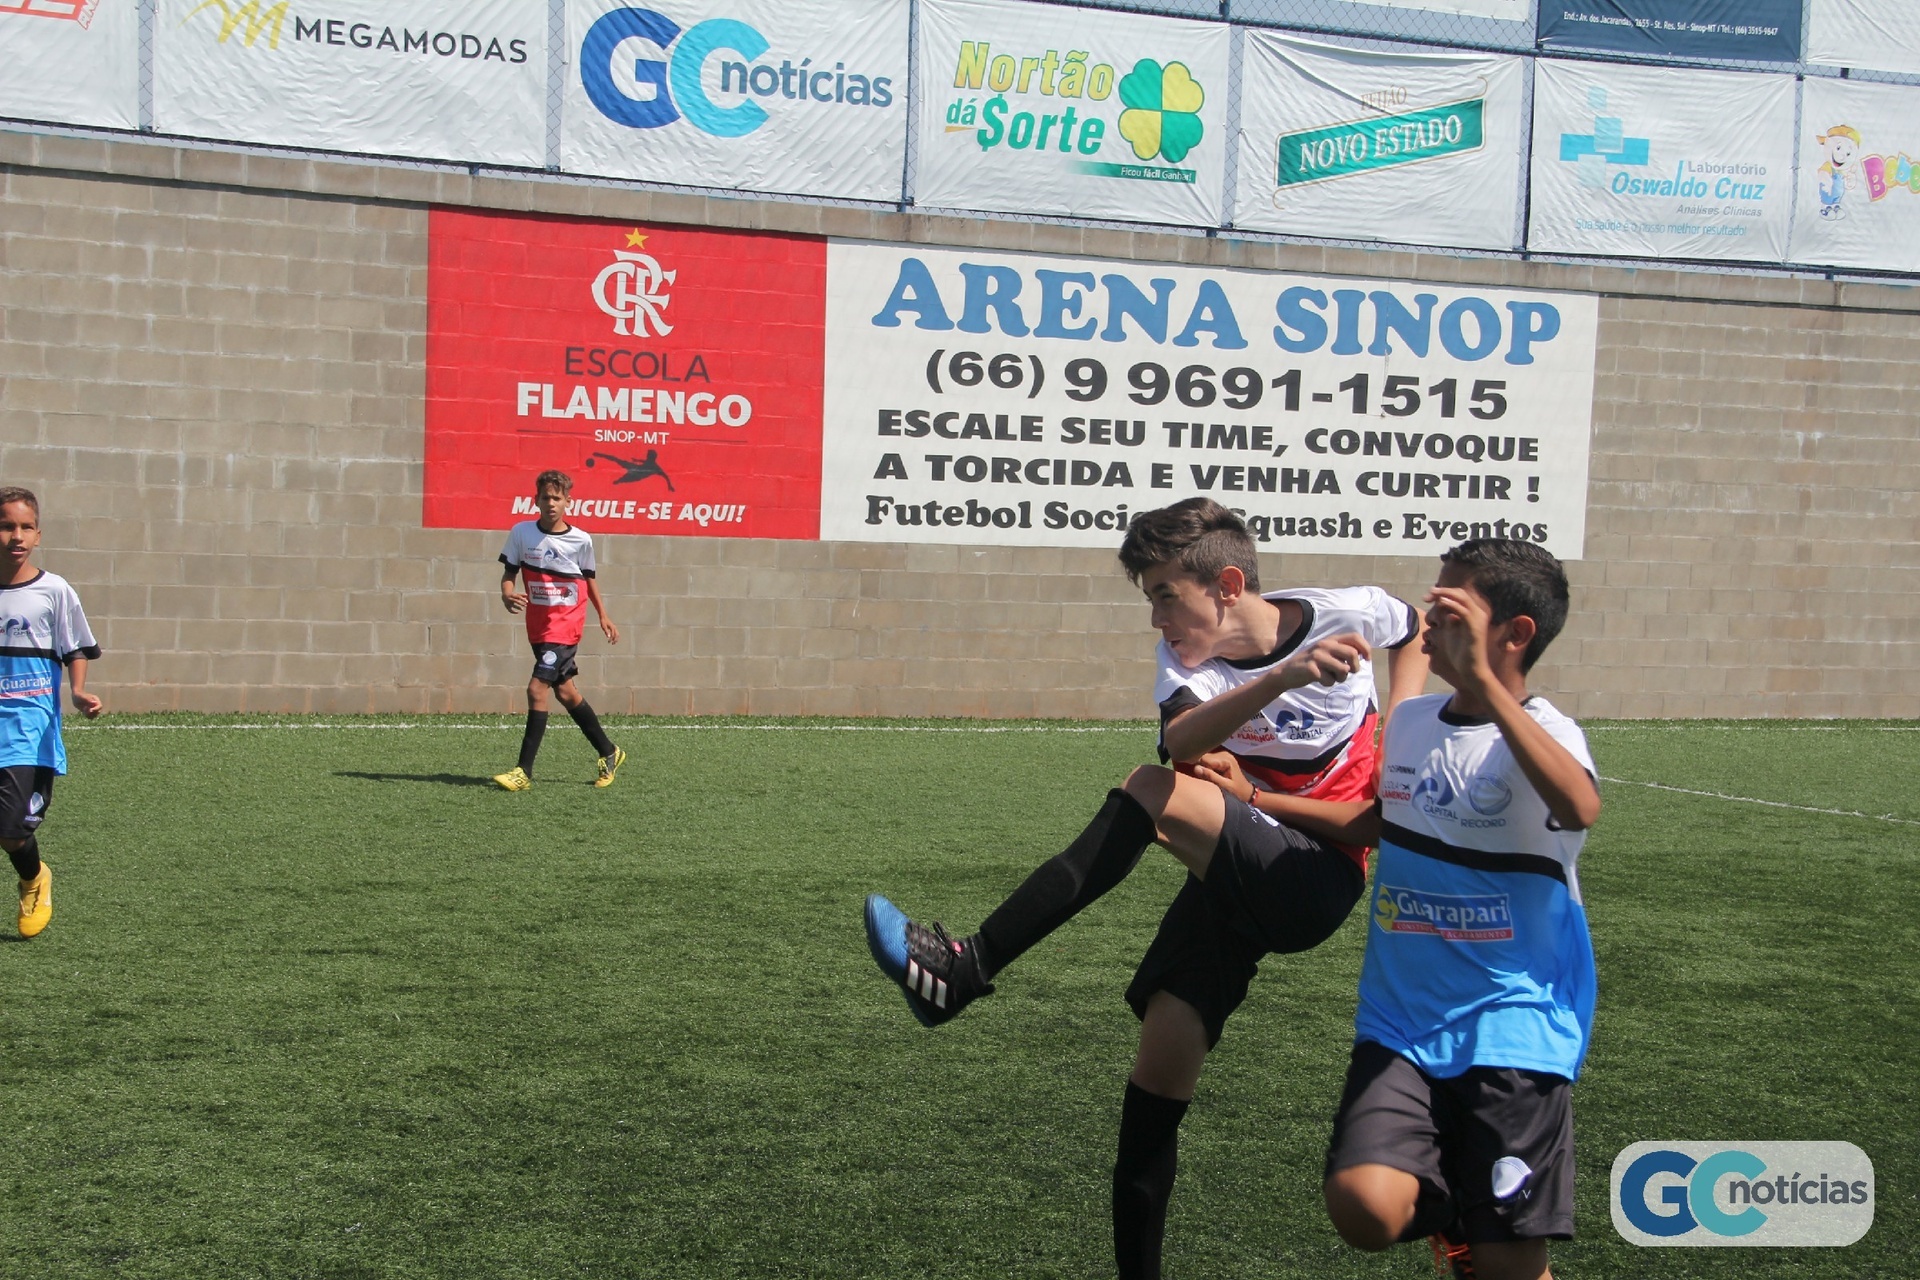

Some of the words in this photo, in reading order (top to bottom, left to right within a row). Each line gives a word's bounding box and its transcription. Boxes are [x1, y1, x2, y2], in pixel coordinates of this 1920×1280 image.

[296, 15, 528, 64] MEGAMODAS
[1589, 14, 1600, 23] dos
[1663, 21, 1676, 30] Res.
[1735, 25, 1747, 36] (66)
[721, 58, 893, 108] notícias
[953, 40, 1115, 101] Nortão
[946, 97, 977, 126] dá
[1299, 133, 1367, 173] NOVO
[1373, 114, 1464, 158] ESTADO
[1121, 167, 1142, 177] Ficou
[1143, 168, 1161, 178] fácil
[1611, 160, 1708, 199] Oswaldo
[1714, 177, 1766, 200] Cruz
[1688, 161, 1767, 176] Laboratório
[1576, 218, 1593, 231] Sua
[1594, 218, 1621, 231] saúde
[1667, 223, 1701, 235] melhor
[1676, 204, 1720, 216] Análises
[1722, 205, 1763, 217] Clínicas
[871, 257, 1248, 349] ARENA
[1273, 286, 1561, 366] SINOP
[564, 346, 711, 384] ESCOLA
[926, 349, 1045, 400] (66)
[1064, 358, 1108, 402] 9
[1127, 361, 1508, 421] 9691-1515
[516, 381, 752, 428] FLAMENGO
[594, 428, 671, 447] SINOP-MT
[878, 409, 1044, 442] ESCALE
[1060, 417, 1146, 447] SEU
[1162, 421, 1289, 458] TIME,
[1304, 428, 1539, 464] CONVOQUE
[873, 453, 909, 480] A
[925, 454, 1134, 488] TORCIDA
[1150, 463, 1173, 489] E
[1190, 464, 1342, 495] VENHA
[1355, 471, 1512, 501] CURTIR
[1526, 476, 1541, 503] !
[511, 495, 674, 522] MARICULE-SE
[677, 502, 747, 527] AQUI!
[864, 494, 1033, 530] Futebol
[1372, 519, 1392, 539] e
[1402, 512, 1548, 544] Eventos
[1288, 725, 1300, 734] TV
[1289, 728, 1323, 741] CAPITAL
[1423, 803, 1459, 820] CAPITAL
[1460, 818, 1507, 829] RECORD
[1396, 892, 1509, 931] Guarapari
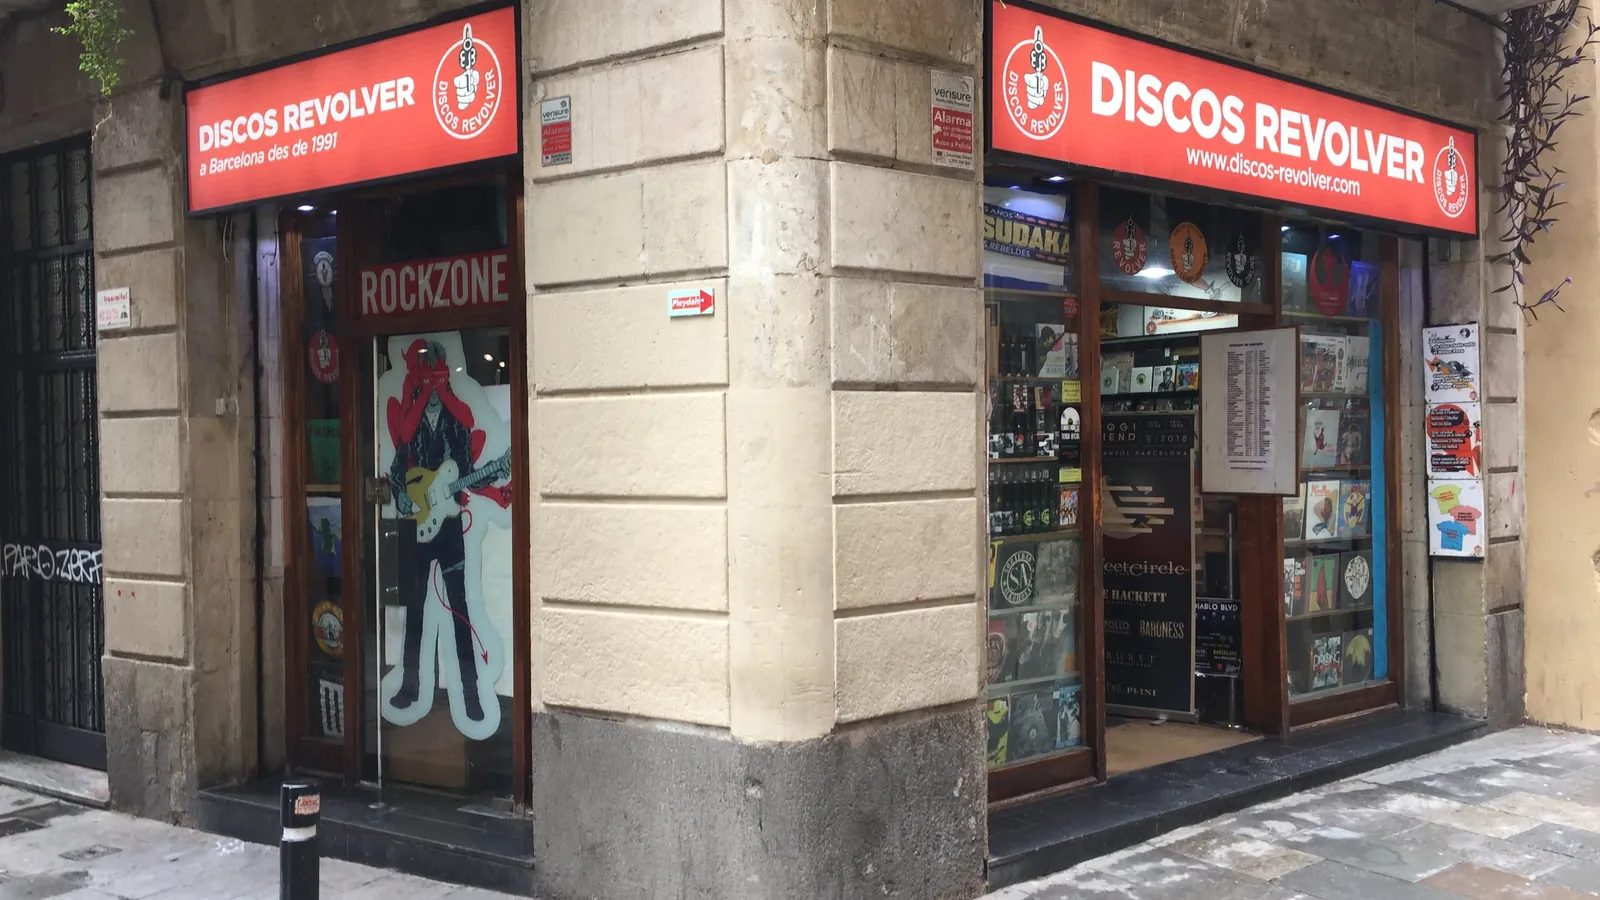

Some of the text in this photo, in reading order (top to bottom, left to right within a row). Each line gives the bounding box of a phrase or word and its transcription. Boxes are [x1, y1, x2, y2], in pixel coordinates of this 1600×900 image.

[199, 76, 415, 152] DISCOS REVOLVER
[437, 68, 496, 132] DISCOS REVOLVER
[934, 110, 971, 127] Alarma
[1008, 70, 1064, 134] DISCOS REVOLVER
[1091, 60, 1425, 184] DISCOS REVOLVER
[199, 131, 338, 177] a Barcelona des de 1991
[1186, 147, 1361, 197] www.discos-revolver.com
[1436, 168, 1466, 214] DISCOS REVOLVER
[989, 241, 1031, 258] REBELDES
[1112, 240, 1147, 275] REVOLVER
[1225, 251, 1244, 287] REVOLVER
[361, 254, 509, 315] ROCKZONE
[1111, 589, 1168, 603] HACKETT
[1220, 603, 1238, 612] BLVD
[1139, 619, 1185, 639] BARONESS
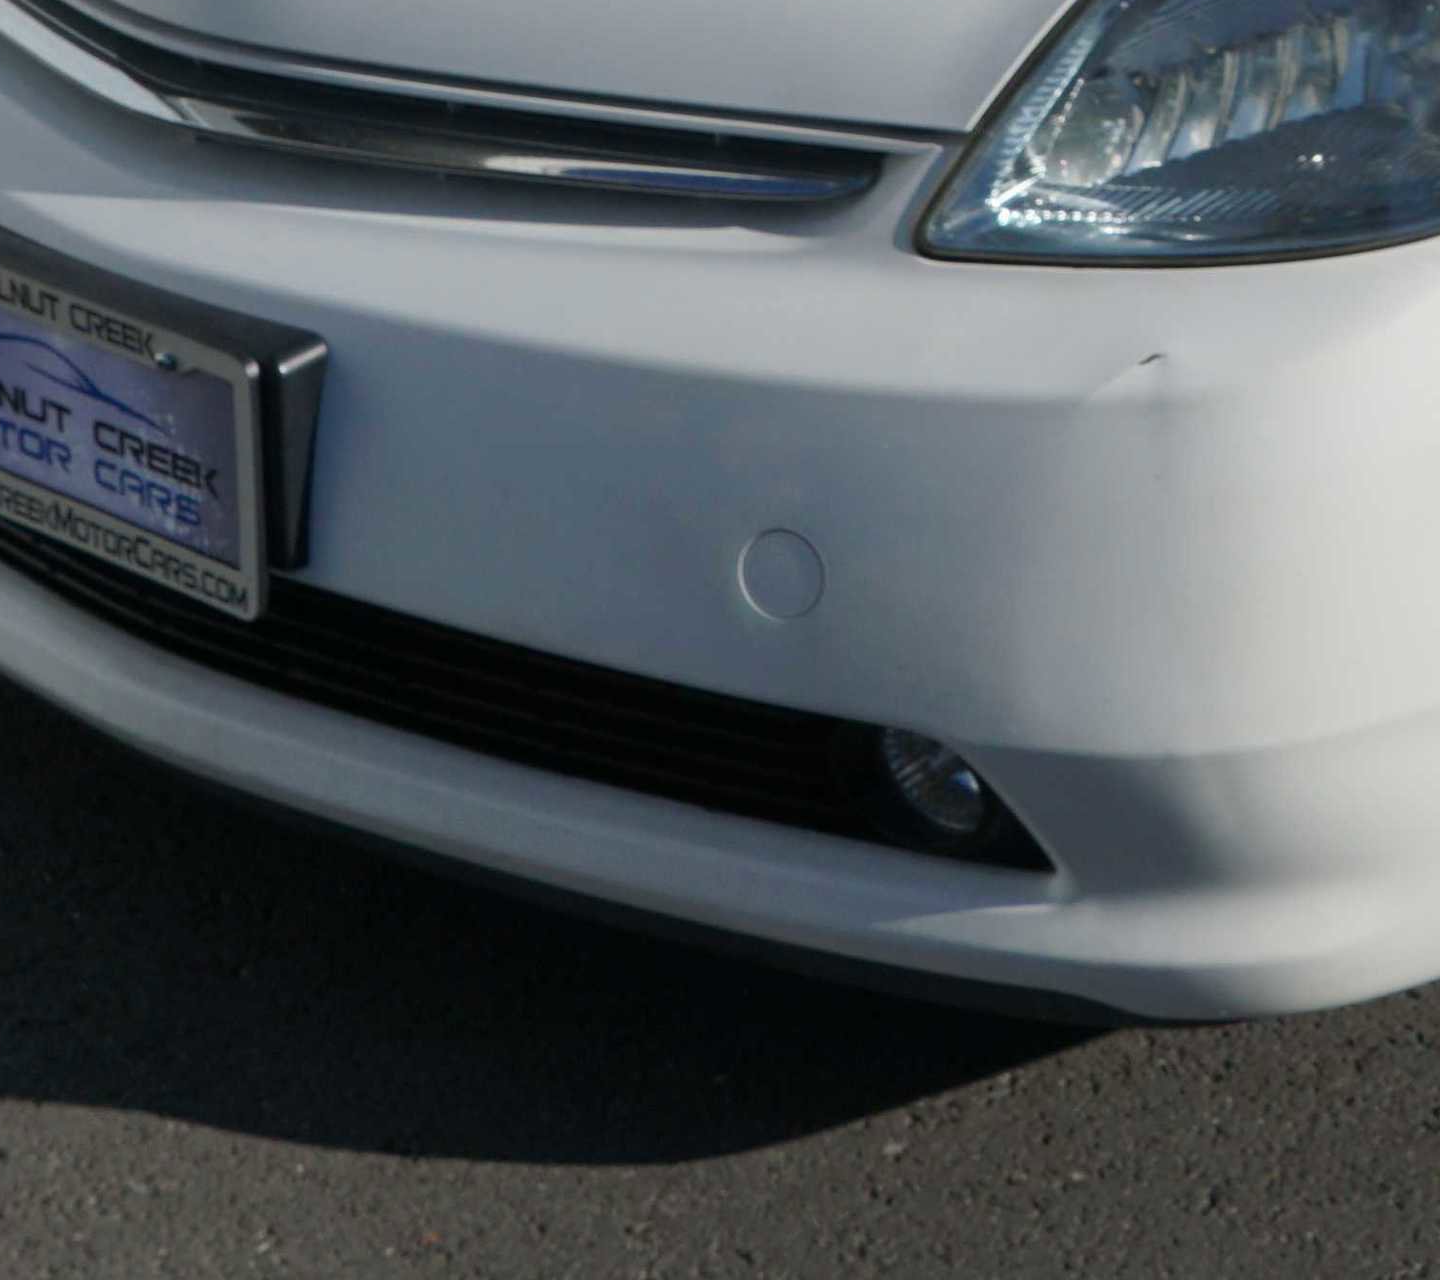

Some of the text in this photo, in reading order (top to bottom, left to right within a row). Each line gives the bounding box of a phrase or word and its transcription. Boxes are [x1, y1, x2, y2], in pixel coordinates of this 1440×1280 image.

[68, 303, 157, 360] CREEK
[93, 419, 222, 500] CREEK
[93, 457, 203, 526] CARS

☆ ☆ ☆ ☆ ☆ ☆ ☆

## To do
A faithful copy of each entry is required, and no picture may be carried into it.

## Written response
Some of the words in this photo, in reading order (top to bottom, left to right within a row). Each line gives a word's bounding box and its transcription. Boxes are [x1, y1, x2, y2], in pixel coordinates of this 1920×1280 image.

[296, 15, 528, 64] MEGAMODAS
[1589, 14, 1600, 23] dos
[1663, 21, 1676, 30] Res.
[1735, 25, 1747, 36] (66)
[721, 58, 893, 108] notícias
[953, 40, 1115, 101] Nortão
[946, 97, 977, 126] dá
[1299, 133, 1367, 173] NOVO
[1373, 114, 1464, 158] ESTADO
[1121, 167, 1142, 177] Ficou
[1143, 168, 1161, 178] fácil
[1611, 160, 1708, 199] Oswaldo
[1714, 177, 1766, 200] Cruz
[1688, 161, 1767, 176] Laboratório
[1576, 218, 1593, 231] Sua
[1594, 218, 1621, 231] saúde
[1667, 223, 1701, 235] melhor
[1676, 204, 1720, 216] Análises
[1722, 205, 1763, 217] Clínicas
[871, 257, 1248, 349] ARENA
[1273, 286, 1561, 366] SINOP
[564, 346, 711, 384] ESCOLA
[926, 349, 1045, 400] (66)
[1064, 358, 1108, 402] 9
[1127, 361, 1508, 421] 9691-1515
[516, 381, 752, 428] FLAMENGO
[594, 428, 671, 447] SINOP-MT
[878, 409, 1044, 442] ESCALE
[1060, 417, 1146, 447] SEU
[1162, 421, 1289, 458] TIME,
[1304, 428, 1539, 464] CONVOQUE
[873, 453, 909, 480] A
[925, 454, 1134, 488] TORCIDA
[1150, 463, 1173, 489] E
[1190, 464, 1342, 495] VENHA
[1355, 471, 1512, 501] CURTIR
[1526, 476, 1541, 503] !
[511, 495, 674, 522] MARICULE-SE
[677, 502, 747, 527] AQUI!
[864, 494, 1033, 530] Futebol
[1372, 519, 1392, 539] e
[1402, 512, 1548, 544] Eventos
[1288, 725, 1300, 734] TV
[1289, 728, 1323, 741] CAPITAL
[1423, 803, 1459, 820] CAPITAL
[1460, 818, 1507, 829] RECORD
[1396, 892, 1509, 931] Guarapari

Some of the text in this photo, in reading order (top to bottom, left to right within a row). Each line gives the bounding box of a phrase or word and its transcription. Boxes are [x1, y1, x2, y2], in pixel coordinates of this 1600×900 image.

[199, 76, 415, 152] DISCOS REVOLVER
[437, 68, 496, 132] DISCOS REVOLVER
[934, 110, 971, 127] Alarma
[1008, 70, 1064, 134] DISCOS REVOLVER
[1091, 60, 1425, 184] DISCOS REVOLVER
[199, 131, 338, 177] a Barcelona des de 1991
[1186, 147, 1361, 197] www.discos-revolver.com
[1436, 168, 1466, 214] DISCOS REVOLVER
[989, 241, 1031, 258] REBELDES
[1112, 240, 1147, 275] REVOLVER
[1225, 251, 1244, 287] REVOLVER
[361, 254, 509, 315] ROCKZONE
[1111, 589, 1168, 603] HACKETT
[1220, 603, 1238, 612] BLVD
[1139, 619, 1185, 639] BARONESS

Some of the text in this photo, in reading order (top to bottom, left to right within a row). Each line gives the bounding box of a phrase or word and its transcription. Boxes are [x1, y1, x2, y2], in pixel coordinates of this 1440×1280 image.

[68, 303, 157, 360] CREEK
[93, 419, 222, 500] CREEK
[93, 457, 203, 526] CARS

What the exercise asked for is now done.